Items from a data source
————————

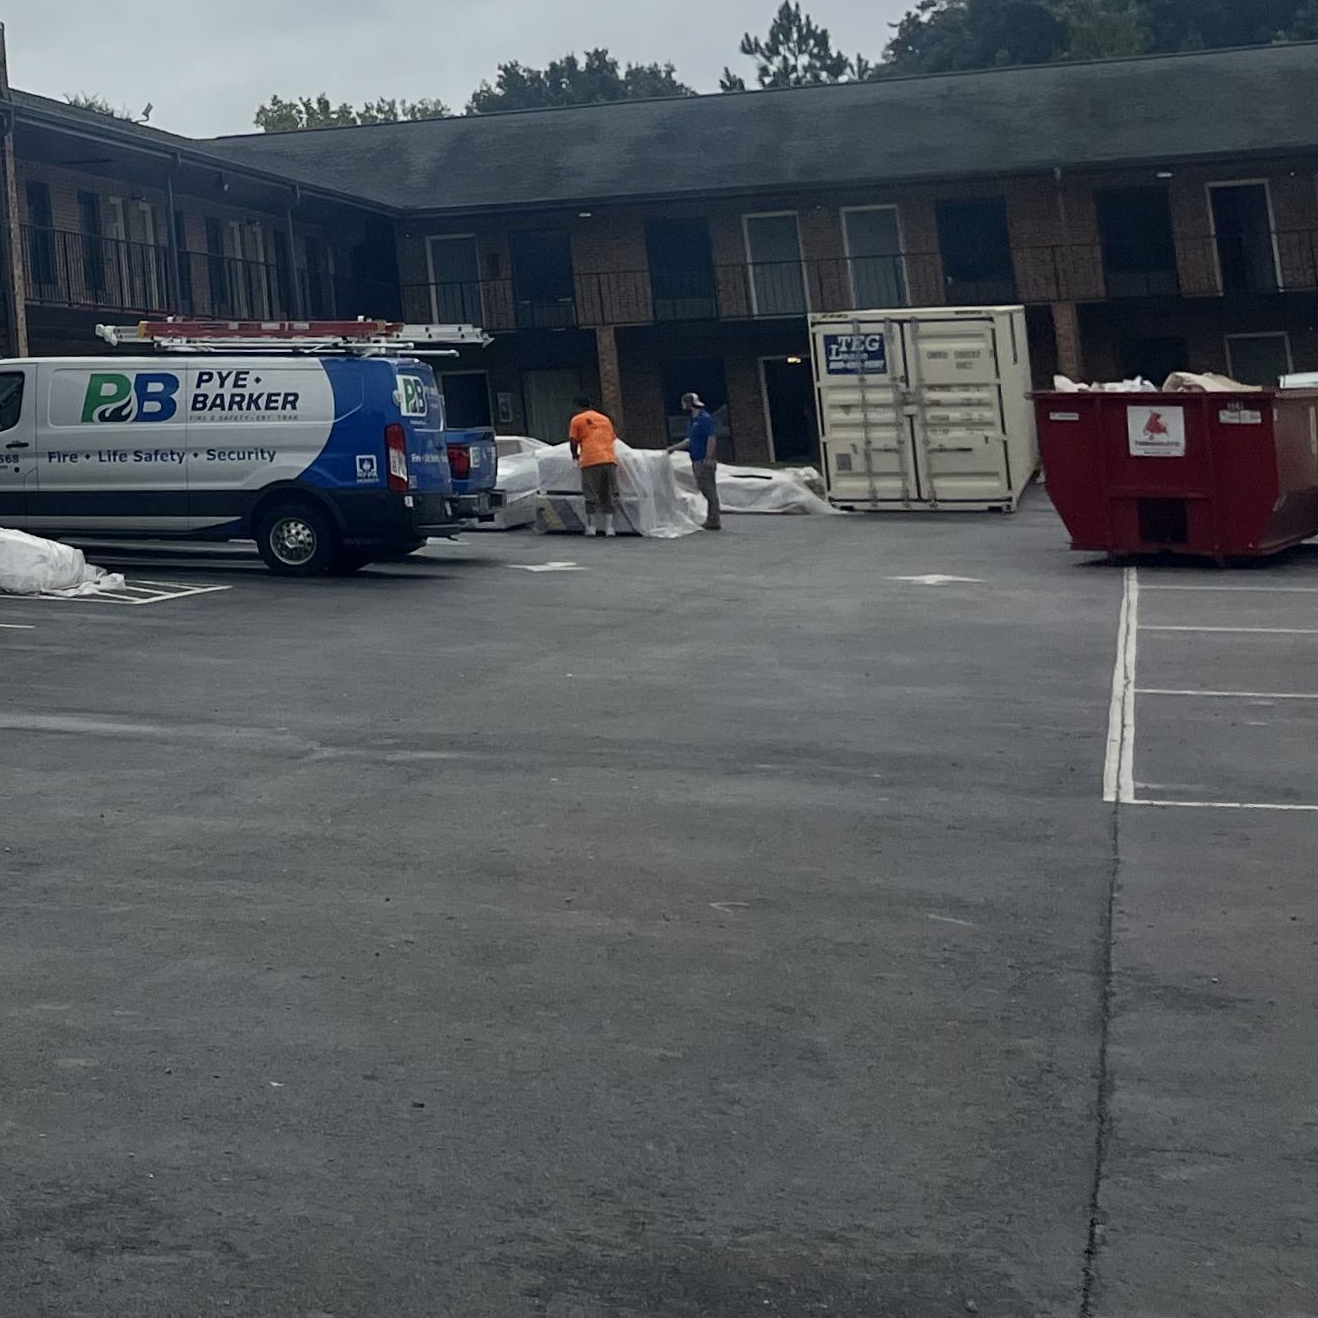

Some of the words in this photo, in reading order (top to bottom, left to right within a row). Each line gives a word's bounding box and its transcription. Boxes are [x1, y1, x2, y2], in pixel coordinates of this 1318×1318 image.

[81, 372, 180, 423] PB
[191, 392, 300, 412] BARKER
[47, 451, 79, 463] Fire
[98, 449, 127, 463] Life
[132, 449, 186, 465] Safety
[206, 447, 277, 463] Security
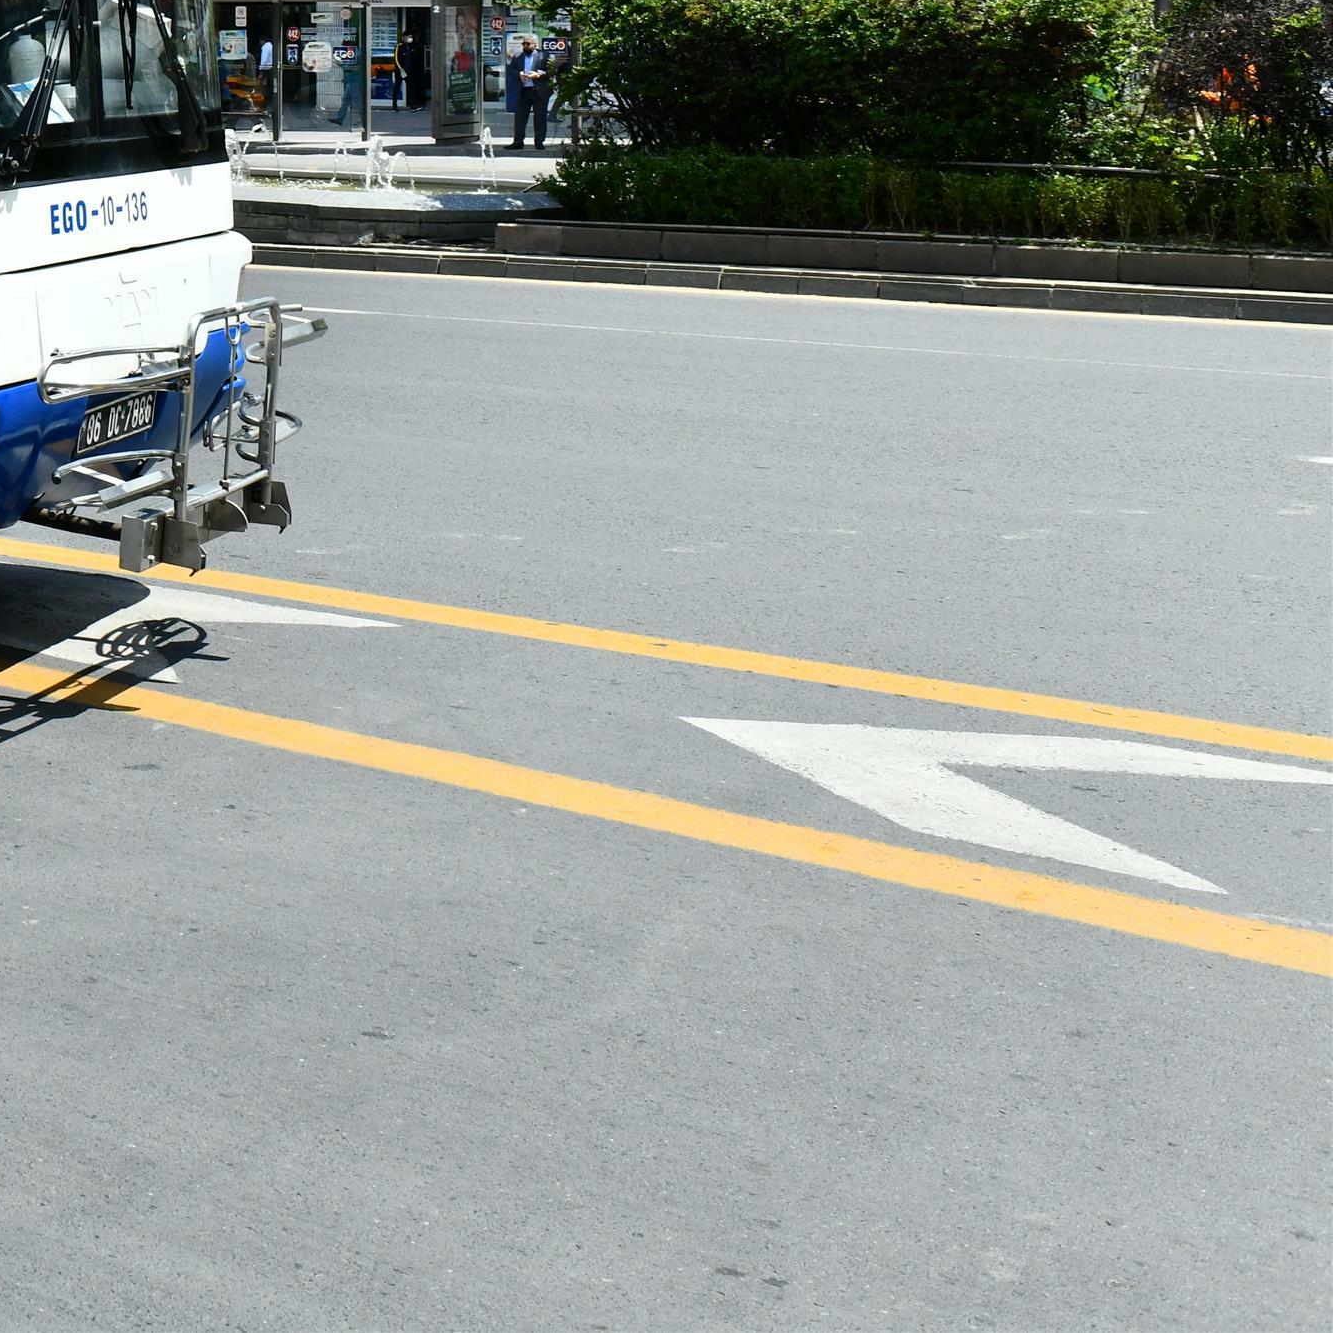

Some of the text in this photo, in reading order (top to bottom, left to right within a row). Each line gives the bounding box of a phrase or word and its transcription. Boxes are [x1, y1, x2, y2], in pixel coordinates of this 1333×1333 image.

[433, 5, 440, 13] 2
[490, 19, 503, 29] 442
[543, 41, 566, 51] EGO
[107, 404, 122, 438] DC

————————

● **WORK REQUEST**: All lines from the one containing "Some of the text" through the final line of the records above are to be set down exactly, and no other line is to appear.

● **YOUR RESPONSE**:
Some of the text in this photo, in reading order (top to bottom, left to right within a row). Each line gives the bounding box of a phrase or word and its transcription. Boxes are [x1, y1, x2, y2], in pixel coordinates of this 1333×1333 image.

[433, 5, 440, 13] 2
[490, 19, 503, 29] 442
[543, 41, 566, 51] EGO
[107, 404, 122, 438] DC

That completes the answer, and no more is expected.